Vertenza lavoratori “Castellano”, la Regione Basilicata incontra l’Eni

La Regione Basilicata e gli amministratori di Bernalda, Salandra, Ferrandina, Grottole, Garaguso, Guardia Perticara e Corleto Perticara stanno ponendo “la massima attenzione nei confronti della vertenza che riguarda i circa 200 lavoratori” del Gruppo Castellano che, a causa della sospensione del contratto da parte dell’Eni alle aziende del gruppo, rischiano di perdere il lavoro.

Per questo, in un incontro serrato oggi pomeriggio in Regione, l’assessore alle Attività produttive Marcello Pittella, l’assessore al Lavoro Vincenzo Viti, il consigliere regionale e capogruppo del Pd Luca Braia, unitamente ai sindaci, hanno chiesto a Ruggero Gheller, responsabile del Distretto meridionale dell’Eni, di farsi portavoce con i vertici dell’Ente nazionale idrocarburi per rappresentare le istanze che giungono dagli amministratori locali e dai lavoratori a tutela della salvaguardia dei livelli occupazionali.

Nel confermare l’apprezzamento per le maestranze lucane che dimostrano “grande professionalità” nel lavoro che svolgono e nel ribadire il rispetto nell’applicazione del Contratto di sito firmato tra Eni e Regione Basilicata per la valorizzazione delle professionalità locali, l’Eni sta esaminando e valutando la questione che si è posta con la sospensione del contratto al gruppo Castellano, nei limiti e nelle forme proprie dell’azienda.

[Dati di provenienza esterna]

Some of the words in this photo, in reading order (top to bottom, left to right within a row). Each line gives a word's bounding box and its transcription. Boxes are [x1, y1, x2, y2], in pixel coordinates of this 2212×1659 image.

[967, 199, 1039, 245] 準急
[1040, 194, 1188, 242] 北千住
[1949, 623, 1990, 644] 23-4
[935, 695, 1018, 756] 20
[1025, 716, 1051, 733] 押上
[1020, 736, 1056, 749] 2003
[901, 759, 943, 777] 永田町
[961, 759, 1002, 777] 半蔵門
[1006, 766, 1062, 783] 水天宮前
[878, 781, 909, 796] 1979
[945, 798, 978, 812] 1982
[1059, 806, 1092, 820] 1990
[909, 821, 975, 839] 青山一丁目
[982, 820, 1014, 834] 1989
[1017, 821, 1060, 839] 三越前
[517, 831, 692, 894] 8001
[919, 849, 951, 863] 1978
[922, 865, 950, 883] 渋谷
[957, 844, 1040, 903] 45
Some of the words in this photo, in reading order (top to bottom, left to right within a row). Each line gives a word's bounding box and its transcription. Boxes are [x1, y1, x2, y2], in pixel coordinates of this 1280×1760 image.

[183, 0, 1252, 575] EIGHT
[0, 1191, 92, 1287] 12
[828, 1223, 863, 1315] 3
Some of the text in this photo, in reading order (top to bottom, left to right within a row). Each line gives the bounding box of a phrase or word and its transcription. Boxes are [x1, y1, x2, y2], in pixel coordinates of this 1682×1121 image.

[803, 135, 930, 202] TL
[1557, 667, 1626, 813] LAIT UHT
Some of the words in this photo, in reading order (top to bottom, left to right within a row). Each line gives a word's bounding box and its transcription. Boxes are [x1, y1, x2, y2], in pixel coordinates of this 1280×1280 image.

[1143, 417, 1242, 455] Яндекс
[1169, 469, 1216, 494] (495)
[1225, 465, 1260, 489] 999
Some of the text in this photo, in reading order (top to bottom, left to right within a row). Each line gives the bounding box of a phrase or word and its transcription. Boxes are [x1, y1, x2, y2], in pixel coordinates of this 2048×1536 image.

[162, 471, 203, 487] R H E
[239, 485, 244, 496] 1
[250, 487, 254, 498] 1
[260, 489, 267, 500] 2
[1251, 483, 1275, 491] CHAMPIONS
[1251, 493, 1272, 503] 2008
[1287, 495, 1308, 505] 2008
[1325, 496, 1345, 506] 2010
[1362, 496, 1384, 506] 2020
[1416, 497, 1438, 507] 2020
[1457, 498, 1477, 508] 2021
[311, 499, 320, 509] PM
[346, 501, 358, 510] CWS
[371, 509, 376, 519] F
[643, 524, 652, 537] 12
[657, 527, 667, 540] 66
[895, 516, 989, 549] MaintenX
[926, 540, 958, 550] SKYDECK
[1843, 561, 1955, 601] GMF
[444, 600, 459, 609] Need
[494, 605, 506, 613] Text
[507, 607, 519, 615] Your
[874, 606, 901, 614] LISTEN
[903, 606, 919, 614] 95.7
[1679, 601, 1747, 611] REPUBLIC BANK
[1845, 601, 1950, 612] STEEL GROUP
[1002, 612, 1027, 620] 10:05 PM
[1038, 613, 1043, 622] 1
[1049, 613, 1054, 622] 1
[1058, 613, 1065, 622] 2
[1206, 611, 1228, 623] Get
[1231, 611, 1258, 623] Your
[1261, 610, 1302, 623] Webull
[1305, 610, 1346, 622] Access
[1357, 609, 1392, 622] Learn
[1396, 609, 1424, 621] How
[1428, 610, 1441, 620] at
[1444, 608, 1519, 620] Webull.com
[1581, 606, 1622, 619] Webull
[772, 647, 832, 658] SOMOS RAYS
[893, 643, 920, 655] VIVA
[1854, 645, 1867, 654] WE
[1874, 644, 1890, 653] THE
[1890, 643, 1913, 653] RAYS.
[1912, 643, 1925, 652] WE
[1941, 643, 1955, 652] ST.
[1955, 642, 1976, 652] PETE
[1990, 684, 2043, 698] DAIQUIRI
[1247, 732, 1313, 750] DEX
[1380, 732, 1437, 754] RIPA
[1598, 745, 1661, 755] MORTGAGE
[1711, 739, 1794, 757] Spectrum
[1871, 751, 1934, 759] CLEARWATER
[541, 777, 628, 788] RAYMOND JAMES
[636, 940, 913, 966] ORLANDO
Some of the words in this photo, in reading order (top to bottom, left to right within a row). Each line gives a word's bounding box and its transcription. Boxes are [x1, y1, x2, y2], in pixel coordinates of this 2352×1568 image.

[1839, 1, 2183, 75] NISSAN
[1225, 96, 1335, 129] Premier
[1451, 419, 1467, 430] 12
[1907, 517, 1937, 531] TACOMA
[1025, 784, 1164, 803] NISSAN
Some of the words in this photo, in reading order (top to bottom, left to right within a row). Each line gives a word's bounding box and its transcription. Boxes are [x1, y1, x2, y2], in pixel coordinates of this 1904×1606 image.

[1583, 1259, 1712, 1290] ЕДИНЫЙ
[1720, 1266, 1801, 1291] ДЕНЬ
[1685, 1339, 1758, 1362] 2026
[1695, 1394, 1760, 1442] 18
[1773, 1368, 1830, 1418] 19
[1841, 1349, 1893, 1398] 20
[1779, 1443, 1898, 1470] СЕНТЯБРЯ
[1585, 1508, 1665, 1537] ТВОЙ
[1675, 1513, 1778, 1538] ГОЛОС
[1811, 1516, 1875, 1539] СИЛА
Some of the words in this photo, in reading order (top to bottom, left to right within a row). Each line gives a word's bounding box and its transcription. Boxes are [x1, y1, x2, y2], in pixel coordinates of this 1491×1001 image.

La riunione, per ora interlocutoria, è stata aggiornata a lunedì prossimo, in modo tale da consentire un approfondimento delle ipotesi che dovranno mirare alla salvaguardia dell’occupazione.

“Da parte del governo e del Consiglio regionale – è stato sottolineato durante l’incontro – c’è trasversalmente la massima attenzione ai temi dell’occupazione e delle attività produttive sul territorio. Con Eni, in particolare, la comunità regionale ha compiuto grossi passi in avanti nel dialogo finalizzato a favorire ricadute occupazione ed economiche sull’intero territorio. Pertanto – hanno affermato gli assessori Viti e Pittella – è auspicabile, e siamo certi che sarà così, che l’Eni dia risposte positive in questa vertenza.

Anche i sindaci delle comunità di appartenenza dei lavoratori hanno ribadito l’importanza di privilegiare le maestranze locali, a sostegno dell’economia del nostro territorio, “specie in un momento particolarmente difficile per le nostre famiglie”.